As for Scoble, I totally agree with Michael's take on the whole thing. Facebook is in the rare but lovely place of having two "layers", one of which is the presentation layer, and the other of which is the data layer. By going after both of them with a "ask forgiveness not permission" strategy, the result was inevitable. On the other hand, Facebook has been explicit that they care little about their logic layer, and as long as you don't try to abuse the other two, you have pretty much free reign to distribute your logic layer through their presentation layer, and leverage their data layer (also known as their user base).
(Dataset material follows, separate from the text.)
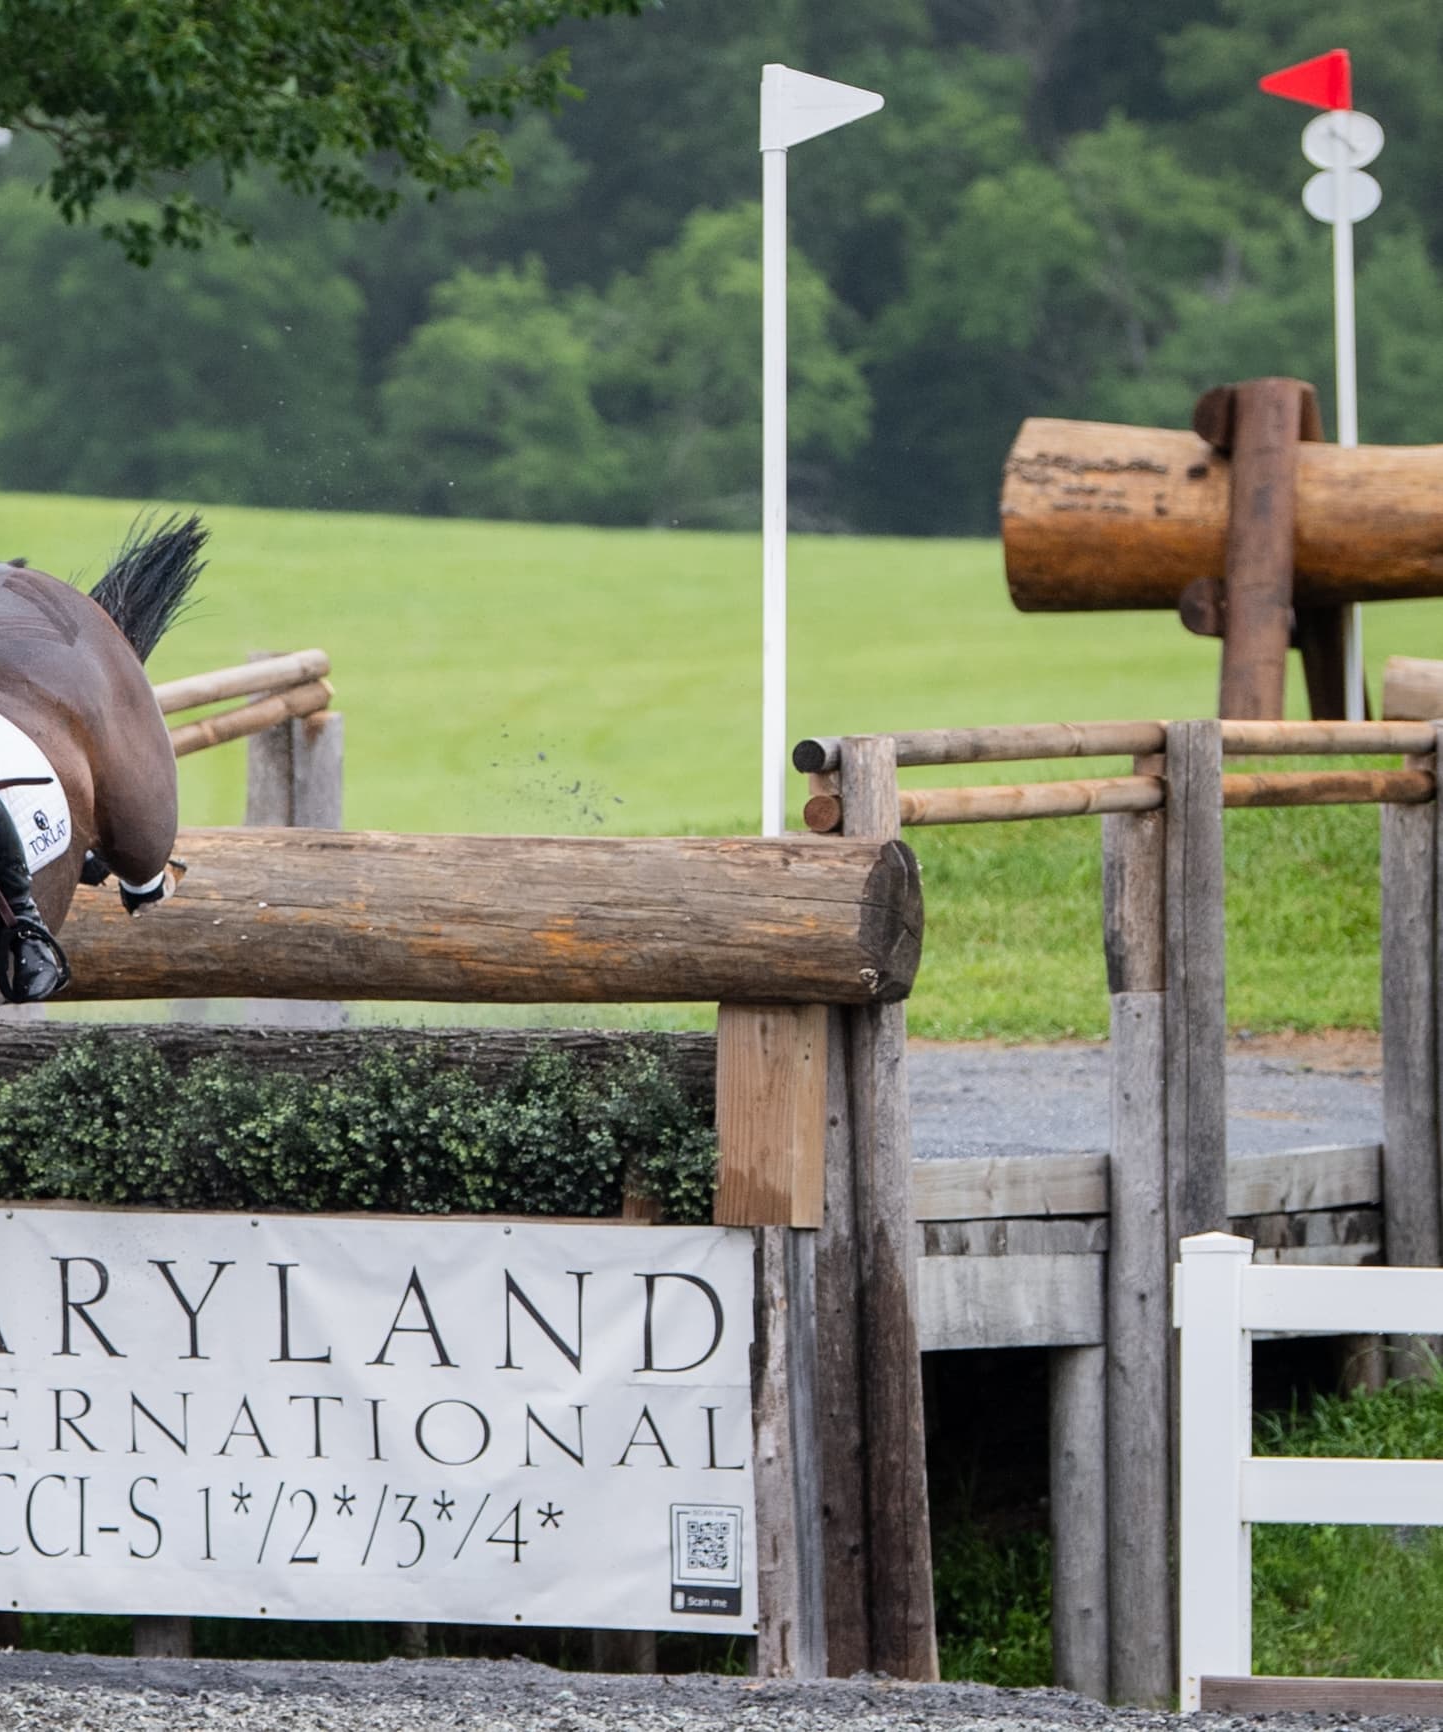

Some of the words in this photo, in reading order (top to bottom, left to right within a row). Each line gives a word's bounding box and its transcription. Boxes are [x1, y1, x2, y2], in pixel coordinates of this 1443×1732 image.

[29, 819, 67, 856] TOKLAT
[687, 1596, 710, 1608] Scan
[712, 1599, 728, 1608] me
And as for the whole "who owns the data" debate, Scoble owns data that he entered, but if he entered it, he probably has it somewhere offline as well. Here we are dealing with data that he was granted access to by facebook, and which they control under the terms of use. Given the lengths Facebook has gone to to make it hard to copy and paste email addresses or access them under the API, one could reasonably assume that something like Plaxo's new service would be met with resistance.
This is one of the early shots in what is likely to be a big debate over APIs vs. Screenscrapers. Services like Kapow and Dapper are hugely convenient for personal projects, but any large-scale (i.e., significant enough to be commercially relevant) use of scrapers will be easily blocked.
A well-managed open API program, with various tiers of access based on commercial relationship and demonstrated adherence to terms of use and privacy policies, is the best way to leverage your "value layer", and allow "good co-opting" while restricting "bad co-opting".
As McHugh says, such a relationship benefits both sides:
Some large Web companies don't relish the unregulated dispersal of their data and would love to find a way to monitor and control the information they dole out. That's why many of them have begun encouraging developers to access their data through sets of application protocol interfaces, or APIs. If scraping is similar to raiding someone's kitchen, using an API is like ordering food at a restaurant. Rather than create their own bots, developers use a piece of code provided by the data source. Then, all information requests are funneled through the API, which can tell who is tapping the data and can set parameters on how much of it can be accessed. The advantage for an outside developer is that with a formal relationship, a data source is less likely to suddenly turn off the taps.